● What to produce: Begin at the line containing "this 960×1707 image." and restate it and each line after it exactly, up to and including the last line below. Leave pictures out.

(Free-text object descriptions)
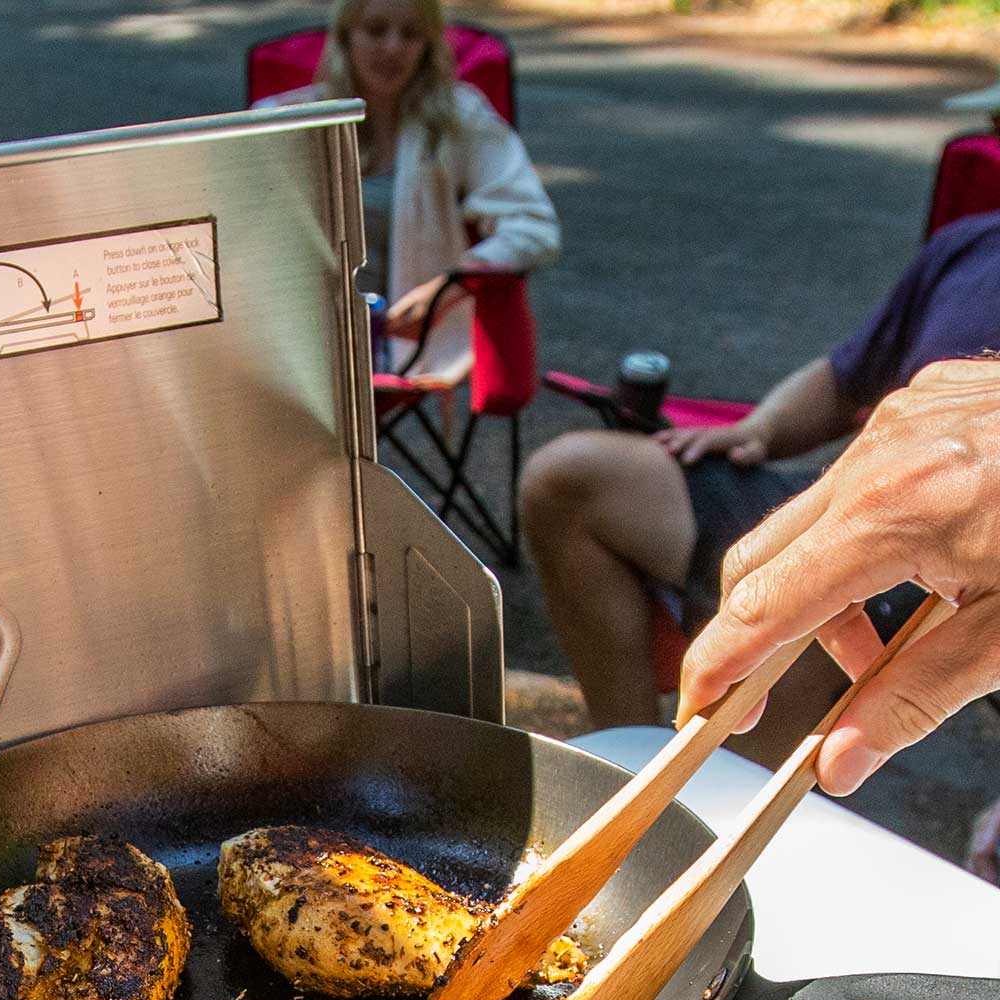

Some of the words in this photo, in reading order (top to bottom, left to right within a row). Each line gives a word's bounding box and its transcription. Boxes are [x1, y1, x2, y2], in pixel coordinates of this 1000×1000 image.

[103, 249, 124, 260] Press
[125, 246, 147, 257] down
[148, 245, 158, 254] on
[73, 269, 79, 278] A
[106, 264, 132, 276] button
[133, 262, 141, 271] to
[142, 259, 161, 270] close
[17, 278, 24, 288] B
[106, 281, 137, 295] Appuyer
[139, 279, 150, 288] sur
[151, 276, 160, 286] le
[160, 273, 185, 285] bouton
[107, 294, 150, 309] verrouillage
[150, 291, 176, 302] orange
[177, 288, 194, 298] pour
[108, 310, 133, 323] fermer
[134, 309, 142, 319] le
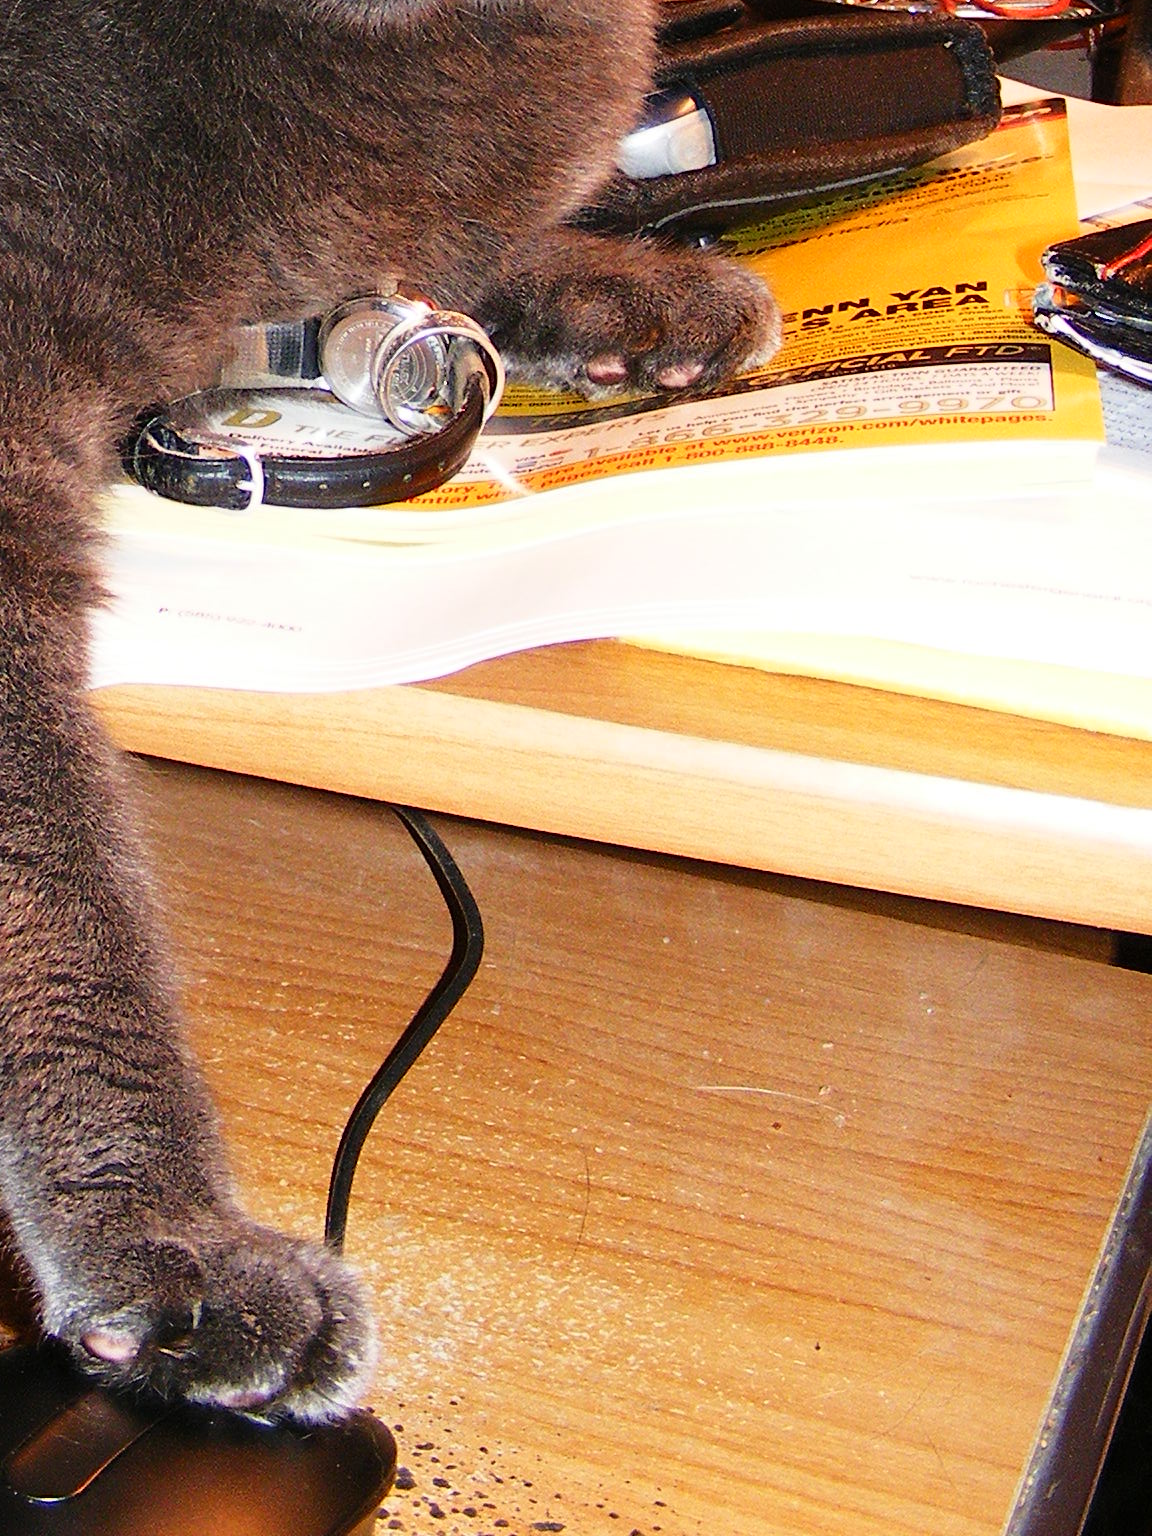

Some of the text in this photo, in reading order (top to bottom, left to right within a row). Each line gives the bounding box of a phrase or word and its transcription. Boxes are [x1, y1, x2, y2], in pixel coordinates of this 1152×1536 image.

[781, 281, 988, 325] ENN YAN
[850, 294, 990, 322] AREA
[946, 344, 1026, 360] FTD
[583, 446, 677, 469] available
[685, 441, 704, 450] at
[616, 453, 654, 470] call
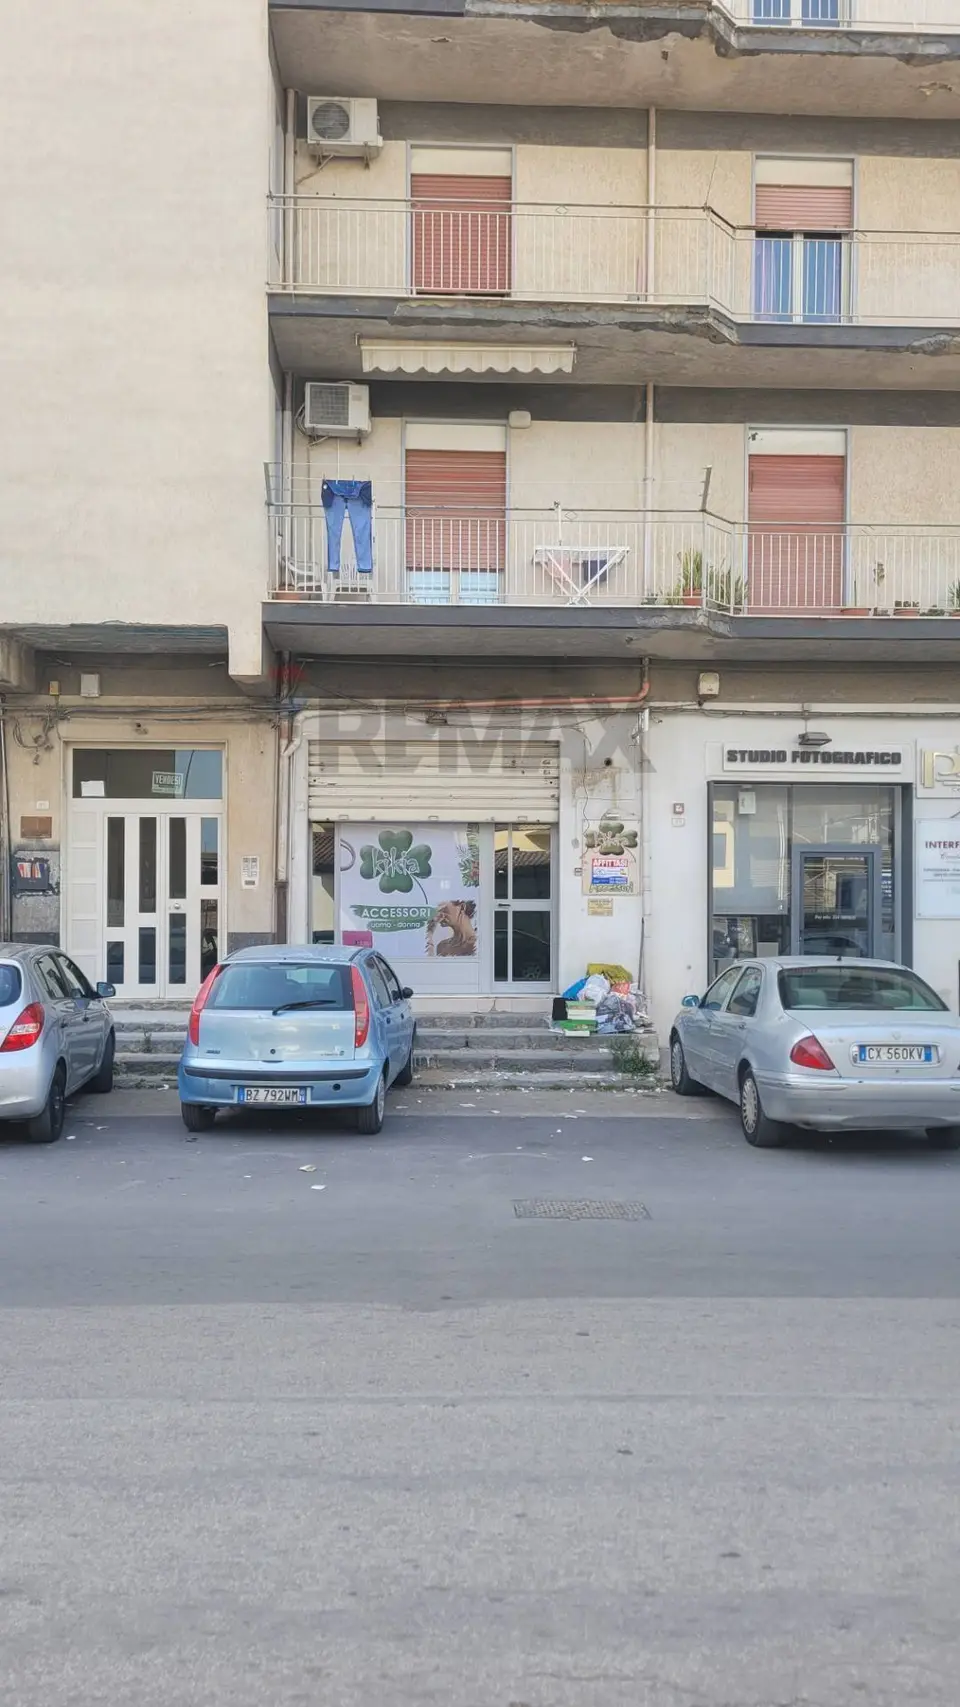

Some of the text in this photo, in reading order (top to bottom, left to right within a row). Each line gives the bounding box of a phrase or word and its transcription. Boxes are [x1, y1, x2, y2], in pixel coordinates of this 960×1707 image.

[726, 750, 902, 765] STUDIO FOTOGRAFICO
[361, 908, 431, 918] ACCESSORI
[868, 1047, 923, 1060] CX 560KV
[246, 1089, 298, 1101] BZ 792WM
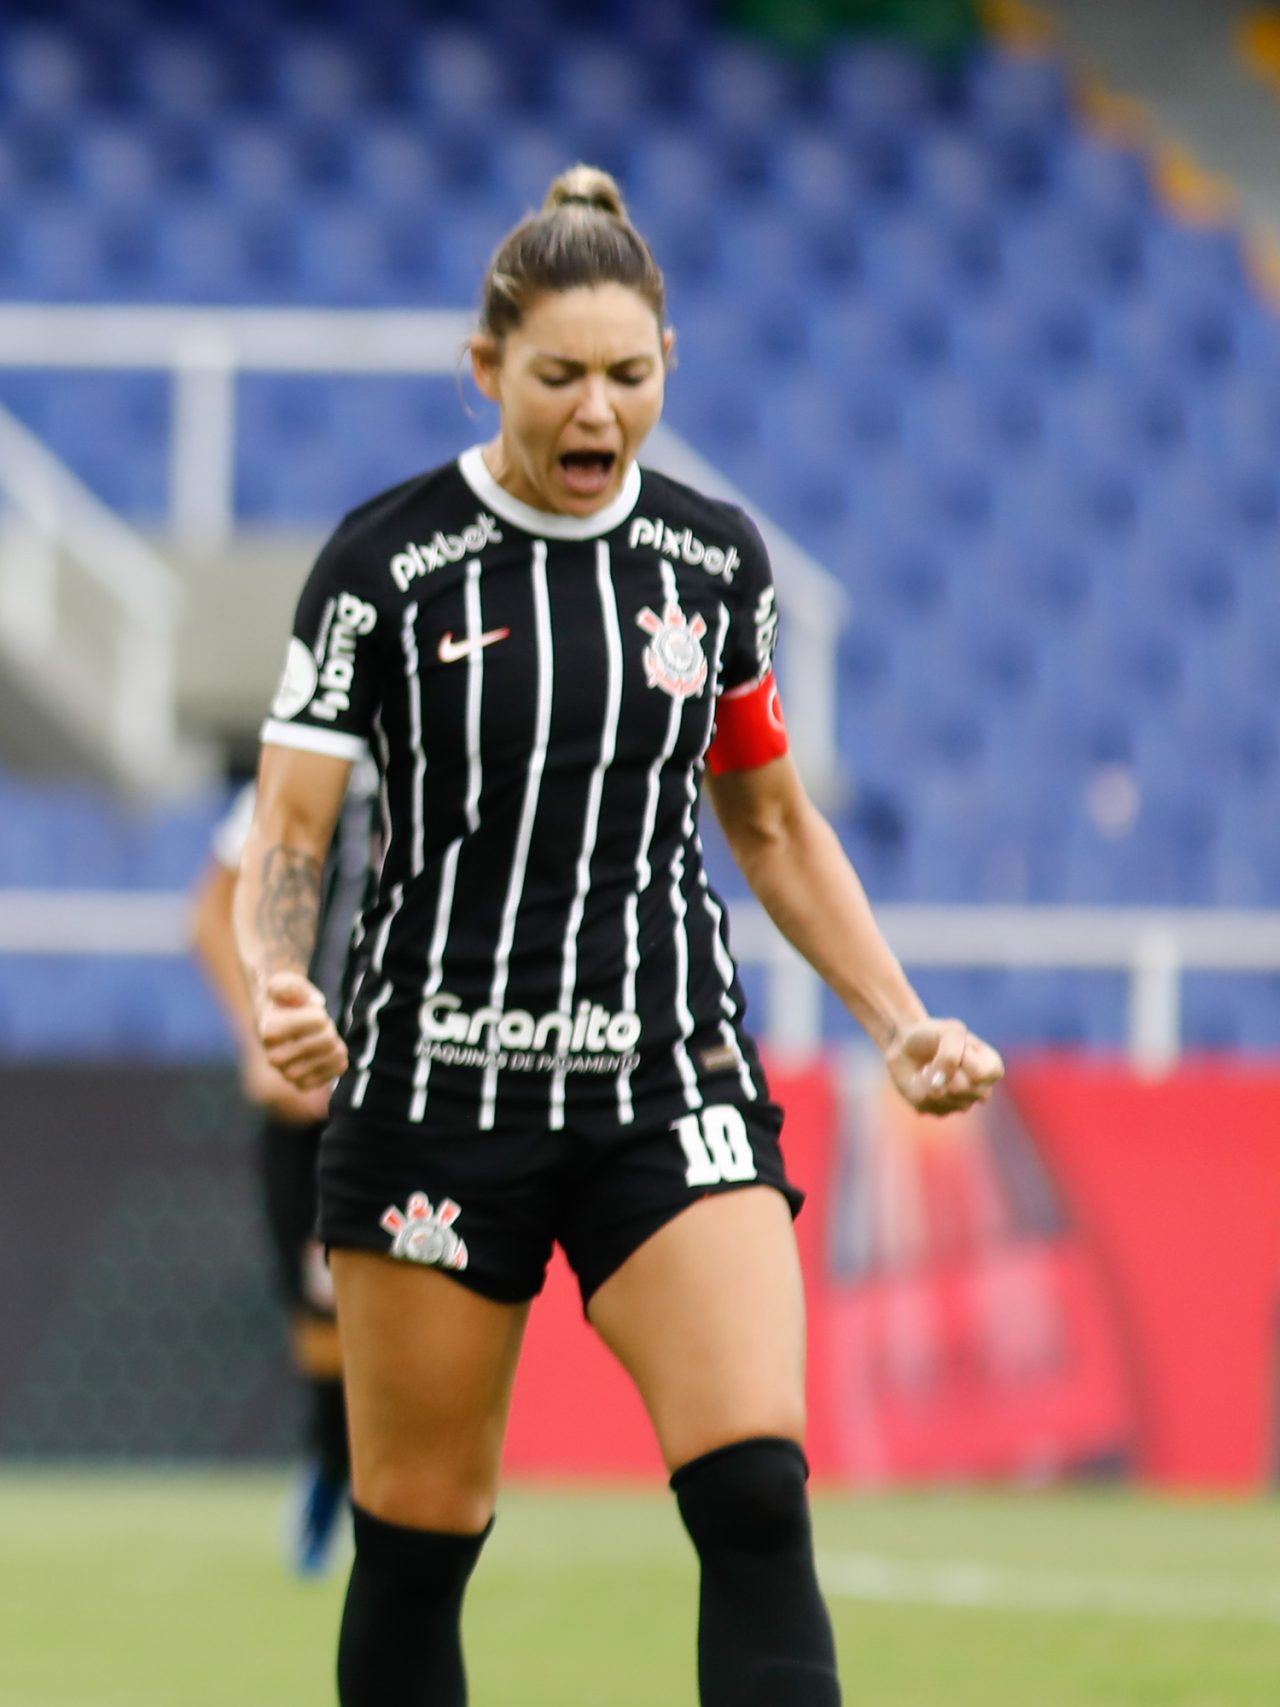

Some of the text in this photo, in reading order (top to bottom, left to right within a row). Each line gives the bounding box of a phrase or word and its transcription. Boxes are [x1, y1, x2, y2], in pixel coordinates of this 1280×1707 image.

[390, 512, 503, 593] pixbet
[629, 517, 741, 585] pixbet
[321, 591, 378, 692] bmg
[418, 992, 642, 1052] Granito
[509, 1052, 537, 1071] DE
[538, 1053, 641, 1073] PAGAMENTO
[669, 1104, 758, 1188] 10

● Worked solution:
Some of the text in this photo, in reading order (top to bottom, left to right within a row). Each line gives the bounding box of a phrase or word and its transcription. Boxes are [x1, y1, x2, y2], in pixel coordinates of this 960×1707 image.

[726, 750, 902, 765] STUDIO FOTOGRAFICO
[361, 908, 431, 918] ACCESSORI
[868, 1047, 923, 1060] CX 560KV
[246, 1089, 298, 1101] BZ 792WM

Some of the text in this photo, in reading order (top to bottom, left to right within a row). Each line gives the bounding box of a phrase or word and its transcription. Boxes are [x1, y1, x2, y2], in pixel coordinates of this 1280×1707 image.

[390, 512, 503, 593] pixbet
[629, 517, 741, 585] pixbet
[321, 591, 378, 692] bmg
[418, 992, 642, 1052] Granito
[509, 1052, 537, 1071] DE
[538, 1053, 641, 1073] PAGAMENTO
[669, 1104, 758, 1188] 10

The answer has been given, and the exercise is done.